◆ PROBLEM STATEMENT ◆
The entries below are to be retyped exactly. Preserve every word.

========================================================================

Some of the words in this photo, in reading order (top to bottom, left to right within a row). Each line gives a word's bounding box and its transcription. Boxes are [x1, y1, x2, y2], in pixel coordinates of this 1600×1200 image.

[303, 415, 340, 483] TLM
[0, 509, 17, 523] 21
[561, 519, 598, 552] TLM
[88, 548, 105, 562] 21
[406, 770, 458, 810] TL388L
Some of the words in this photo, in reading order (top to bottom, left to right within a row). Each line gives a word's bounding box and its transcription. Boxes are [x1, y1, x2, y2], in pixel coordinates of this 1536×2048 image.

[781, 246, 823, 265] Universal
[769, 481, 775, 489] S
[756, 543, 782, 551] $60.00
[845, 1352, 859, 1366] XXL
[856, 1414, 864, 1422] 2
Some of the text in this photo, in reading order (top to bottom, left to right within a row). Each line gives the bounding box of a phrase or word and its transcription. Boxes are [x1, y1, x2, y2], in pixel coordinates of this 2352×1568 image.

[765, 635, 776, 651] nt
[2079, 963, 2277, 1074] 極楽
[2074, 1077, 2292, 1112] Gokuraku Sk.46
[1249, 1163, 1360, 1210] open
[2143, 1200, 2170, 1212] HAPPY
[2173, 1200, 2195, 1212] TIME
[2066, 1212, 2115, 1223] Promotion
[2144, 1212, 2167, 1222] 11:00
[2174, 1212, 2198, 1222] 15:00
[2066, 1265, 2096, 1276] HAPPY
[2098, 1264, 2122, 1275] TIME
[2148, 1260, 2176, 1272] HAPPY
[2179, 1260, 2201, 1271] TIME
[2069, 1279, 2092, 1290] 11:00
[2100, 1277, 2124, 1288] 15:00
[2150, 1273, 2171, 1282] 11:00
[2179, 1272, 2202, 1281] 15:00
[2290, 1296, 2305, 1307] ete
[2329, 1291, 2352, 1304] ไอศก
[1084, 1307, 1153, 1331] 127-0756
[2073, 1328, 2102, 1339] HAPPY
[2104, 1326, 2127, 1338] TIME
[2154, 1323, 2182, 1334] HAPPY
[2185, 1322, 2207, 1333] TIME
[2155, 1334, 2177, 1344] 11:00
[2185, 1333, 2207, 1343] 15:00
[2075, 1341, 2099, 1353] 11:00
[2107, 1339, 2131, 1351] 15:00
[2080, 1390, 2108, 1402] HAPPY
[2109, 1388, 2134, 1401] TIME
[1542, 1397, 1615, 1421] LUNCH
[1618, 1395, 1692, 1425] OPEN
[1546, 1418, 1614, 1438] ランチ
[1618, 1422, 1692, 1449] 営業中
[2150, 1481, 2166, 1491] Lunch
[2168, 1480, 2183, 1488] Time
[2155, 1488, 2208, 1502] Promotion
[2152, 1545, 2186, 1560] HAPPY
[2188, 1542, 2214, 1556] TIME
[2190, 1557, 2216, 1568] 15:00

========================================================================

◆ RESULT ◆
Some of the words in this photo, in reading order (top to bottom, left to right within a row). Each line gives a word's bounding box and its transcription. Boxes are [x1, y1, x2, y2], in pixel coordinates of this 1600×1200 image.

[303, 415, 340, 483] TLM
[0, 509, 17, 523] 21
[561, 519, 598, 552] TLM
[88, 548, 105, 562] 21
[406, 770, 458, 810] TL388L
Some of the words in this photo, in reading order (top to bottom, left to right within a row). Each line gives a word's bounding box and its transcription. Boxes are [x1, y1, x2, y2], in pixel coordinates of this 1536×2048 image.

[781, 246, 823, 265] Universal
[769, 481, 775, 489] S
[756, 543, 782, 551] $60.00
[845, 1352, 859, 1366] XXL
[856, 1414, 864, 1422] 2
Some of the text in this photo, in reading order (top to bottom, left to right within a row). Each line gives the bounding box of a phrase or word and its transcription. Boxes are [x1, y1, x2, y2], in pixel coordinates of this 2352×1568 image.

[765, 635, 776, 651] nt
[2079, 963, 2277, 1074] 極楽
[2074, 1077, 2292, 1112] Gokuraku Sk.46
[1249, 1163, 1360, 1210] open
[2143, 1200, 2170, 1212] HAPPY
[2173, 1200, 2195, 1212] TIME
[2066, 1212, 2115, 1223] Promotion
[2144, 1212, 2167, 1222] 11:00
[2174, 1212, 2198, 1222] 15:00
[2066, 1265, 2096, 1276] HAPPY
[2098, 1264, 2122, 1275] TIME
[2148, 1260, 2176, 1272] HAPPY
[2179, 1260, 2201, 1271] TIME
[2069, 1279, 2092, 1290] 11:00
[2100, 1277, 2124, 1288] 15:00
[2150, 1273, 2171, 1282] 11:00
[2179, 1272, 2202, 1281] 15:00
[2290, 1296, 2305, 1307] ete
[2329, 1291, 2352, 1304] ไอศก
[1084, 1307, 1153, 1331] 127-0756
[2073, 1328, 2102, 1339] HAPPY
[2104, 1326, 2127, 1338] TIME
[2154, 1323, 2182, 1334] HAPPY
[2185, 1322, 2207, 1333] TIME
[2155, 1334, 2177, 1344] 11:00
[2185, 1333, 2207, 1343] 15:00
[2075, 1341, 2099, 1353] 11:00
[2107, 1339, 2131, 1351] 15:00
[2080, 1390, 2108, 1402] HAPPY
[2109, 1388, 2134, 1401] TIME
[1542, 1397, 1615, 1421] LUNCH
[1618, 1395, 1692, 1425] OPEN
[1546, 1418, 1614, 1438] ランチ
[1618, 1422, 1692, 1449] 営業中
[2150, 1481, 2166, 1491] Lunch
[2168, 1480, 2183, 1488] Time
[2155, 1488, 2208, 1502] Promotion
[2152, 1545, 2186, 1560] HAPPY
[2188, 1542, 2214, 1556] TIME
[2190, 1557, 2216, 1568] 15:00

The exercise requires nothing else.